» DATA TO PROCESS:
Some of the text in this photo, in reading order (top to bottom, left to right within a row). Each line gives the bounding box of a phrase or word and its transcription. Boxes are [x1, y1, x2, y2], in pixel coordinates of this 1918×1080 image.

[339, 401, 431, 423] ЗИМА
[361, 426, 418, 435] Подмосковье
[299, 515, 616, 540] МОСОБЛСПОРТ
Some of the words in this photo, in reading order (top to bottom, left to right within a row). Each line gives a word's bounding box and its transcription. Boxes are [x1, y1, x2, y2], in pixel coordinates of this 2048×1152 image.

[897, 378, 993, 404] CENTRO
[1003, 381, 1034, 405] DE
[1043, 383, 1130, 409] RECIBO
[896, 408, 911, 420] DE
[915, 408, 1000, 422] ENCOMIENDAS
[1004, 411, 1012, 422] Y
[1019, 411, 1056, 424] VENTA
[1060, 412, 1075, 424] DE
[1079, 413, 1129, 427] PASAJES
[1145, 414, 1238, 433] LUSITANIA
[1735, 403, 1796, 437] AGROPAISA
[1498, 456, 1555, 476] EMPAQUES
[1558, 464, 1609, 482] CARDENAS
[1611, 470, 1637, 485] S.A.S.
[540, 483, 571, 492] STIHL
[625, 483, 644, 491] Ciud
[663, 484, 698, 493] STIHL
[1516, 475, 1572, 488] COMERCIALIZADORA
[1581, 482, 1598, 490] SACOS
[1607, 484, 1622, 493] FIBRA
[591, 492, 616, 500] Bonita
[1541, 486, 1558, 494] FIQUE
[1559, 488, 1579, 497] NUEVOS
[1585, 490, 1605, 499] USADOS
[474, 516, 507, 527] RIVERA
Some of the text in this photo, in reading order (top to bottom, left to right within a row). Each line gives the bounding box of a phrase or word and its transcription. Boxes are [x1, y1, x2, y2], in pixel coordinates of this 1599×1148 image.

» EXERCISE: All entries must be printed exactly, with nothing omitted.

» TASK ANSWER:
Some of the text in this photo, in reading order (top to bottom, left to right within a row). Each line gives the bounding box of a phrase or word and its transcription. Boxes are [x1, y1, x2, y2], in pixel coordinates of this 1918×1080 image.

[339, 401, 431, 423] ЗИМА
[361, 426, 418, 435] Подмосковье
[299, 515, 616, 540] МОСОБЛСПОРТ
Some of the words in this photo, in reading order (top to bottom, left to right within a row). Each line gives a word's bounding box and its transcription. Boxes are [x1, y1, x2, y2], in pixel coordinates of this 2048×1152 image.

[897, 378, 993, 404] CENTRO
[1003, 381, 1034, 405] DE
[1043, 383, 1130, 409] RECIBO
[896, 408, 911, 420] DE
[915, 408, 1000, 422] ENCOMIENDAS
[1004, 411, 1012, 422] Y
[1019, 411, 1056, 424] VENTA
[1060, 412, 1075, 424] DE
[1079, 413, 1129, 427] PASAJES
[1145, 414, 1238, 433] LUSITANIA
[1735, 403, 1796, 437] AGROPAISA
[1498, 456, 1555, 476] EMPAQUES
[1558, 464, 1609, 482] CARDENAS
[1611, 470, 1637, 485] S.A.S.
[540, 483, 571, 492] STIHL
[625, 483, 644, 491] Ciud
[663, 484, 698, 493] STIHL
[1516, 475, 1572, 488] COMERCIALIZADORA
[1581, 482, 1598, 490] SACOS
[1607, 484, 1622, 493] FIBRA
[591, 492, 616, 500] Bonita
[1541, 486, 1558, 494] FIQUE
[1559, 488, 1579, 497] NUEVOS
[1585, 490, 1605, 499] USADOS
[474, 516, 507, 527] RIVERA
Some of the text in this photo, in reading order (top to bottom, left to right within a row). Each line gives the bounding box of a phrase or word and its transcription. Boxes are [x1, y1, x2, y2], in pixel coordinates of this 1599×1148 image.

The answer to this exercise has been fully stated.